■ EXERCISE REQUIREMENTS ■
All of the data that follows should be given again exactly, without its images.

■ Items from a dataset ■
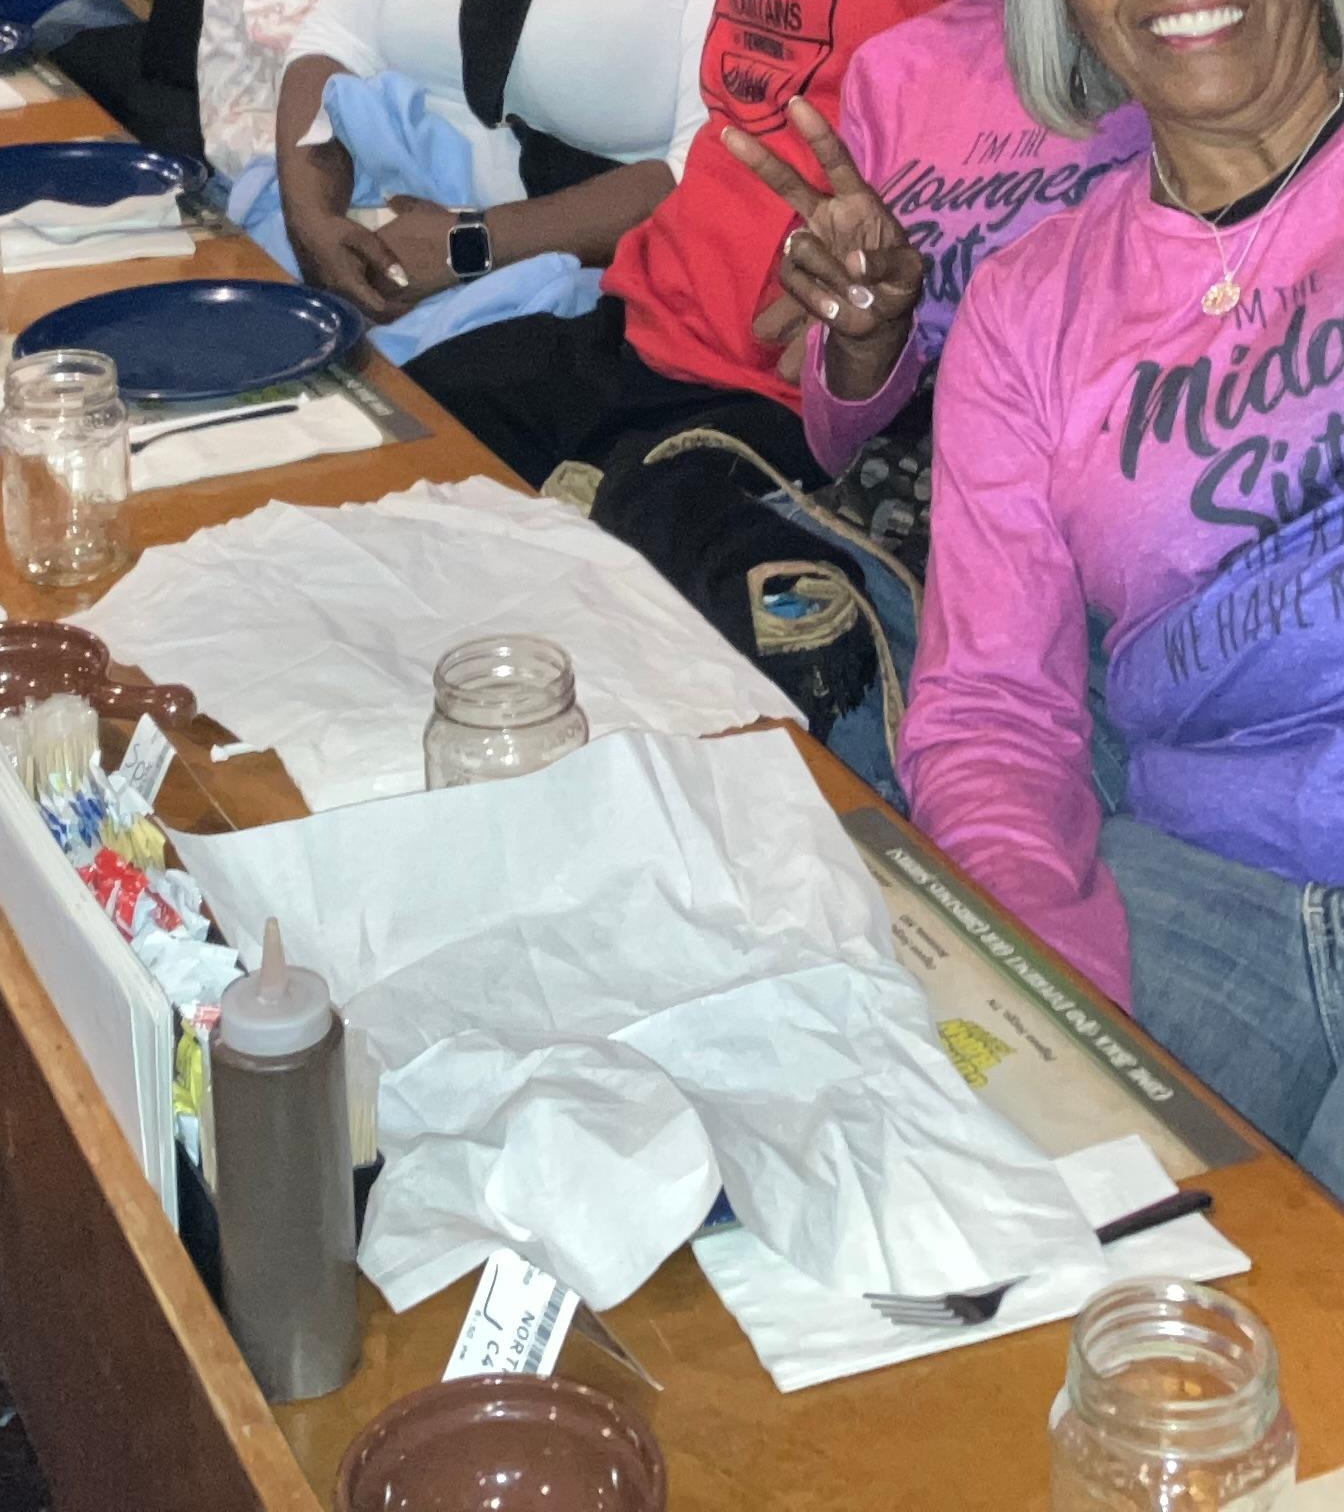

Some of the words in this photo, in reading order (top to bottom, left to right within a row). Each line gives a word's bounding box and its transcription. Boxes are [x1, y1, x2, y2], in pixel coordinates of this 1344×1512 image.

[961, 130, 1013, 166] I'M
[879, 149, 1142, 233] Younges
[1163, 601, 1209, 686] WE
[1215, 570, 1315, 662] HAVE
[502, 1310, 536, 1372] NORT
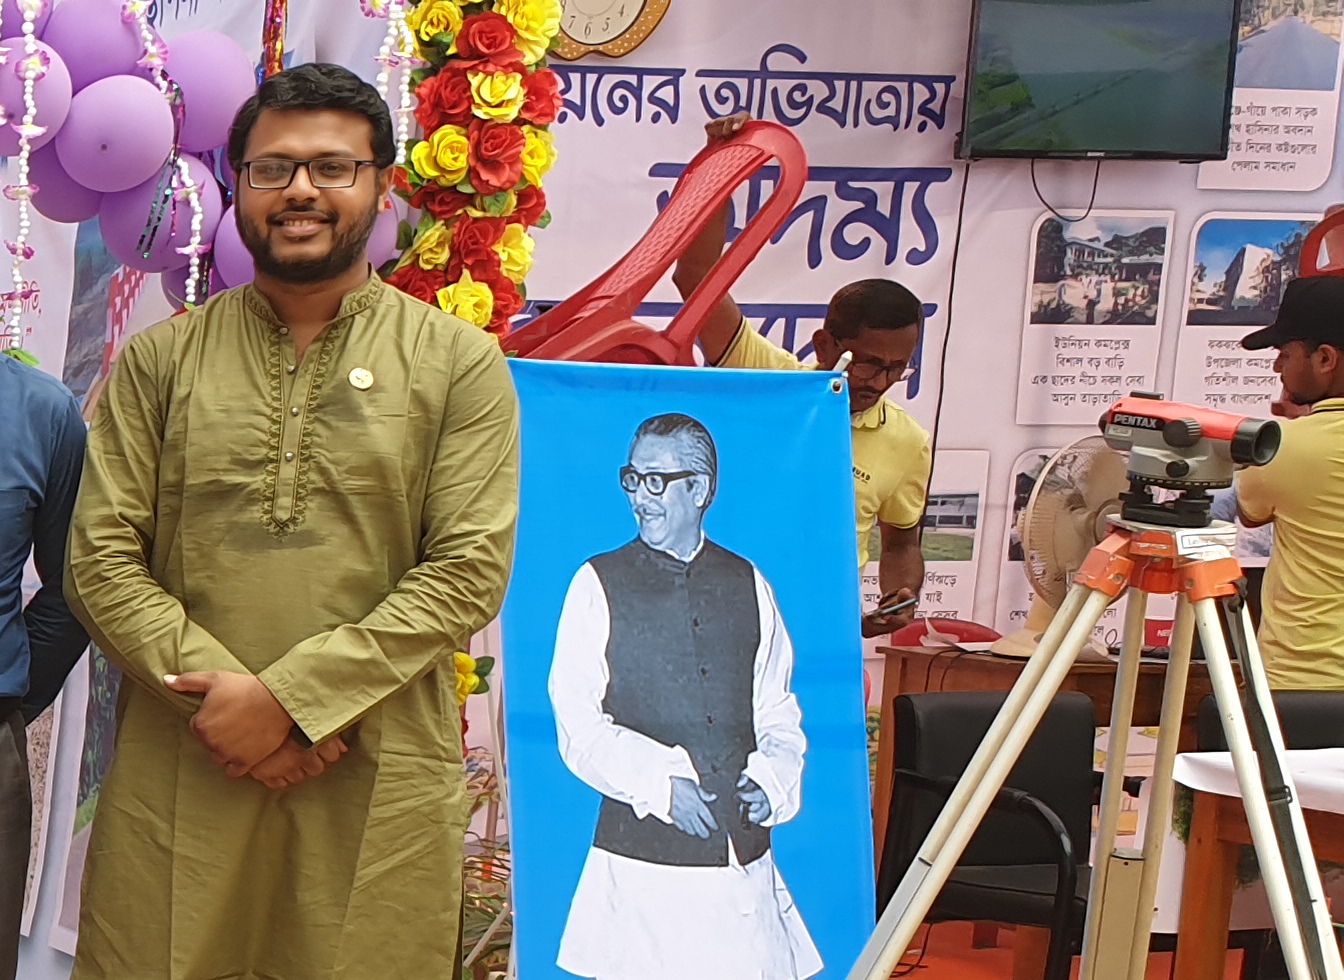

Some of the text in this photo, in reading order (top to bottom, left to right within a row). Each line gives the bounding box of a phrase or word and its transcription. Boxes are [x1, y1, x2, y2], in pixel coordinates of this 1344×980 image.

■ REPLY TO THE EXERCISE ■
Some of the words in this photo, in reading order (top to bottom, left to right within a row). Each line gives a word's bounding box and its transcription. Boxes are [x1, y1, x2, y2], in pixel coordinates of this 1344×1512 image.

[961, 130, 1013, 166] I'M
[879, 149, 1142, 233] Younges
[1163, 601, 1209, 686] WE
[1215, 570, 1315, 662] HAVE
[502, 1310, 536, 1372] NORT

Some of the text in this photo, in reading order (top to bottom, left to right within a row). Each line gives the bounding box of a phrase or word and its transcription. Boxes are [x1, y1, x2, y2], in pixel coordinates of this 1344×980 image.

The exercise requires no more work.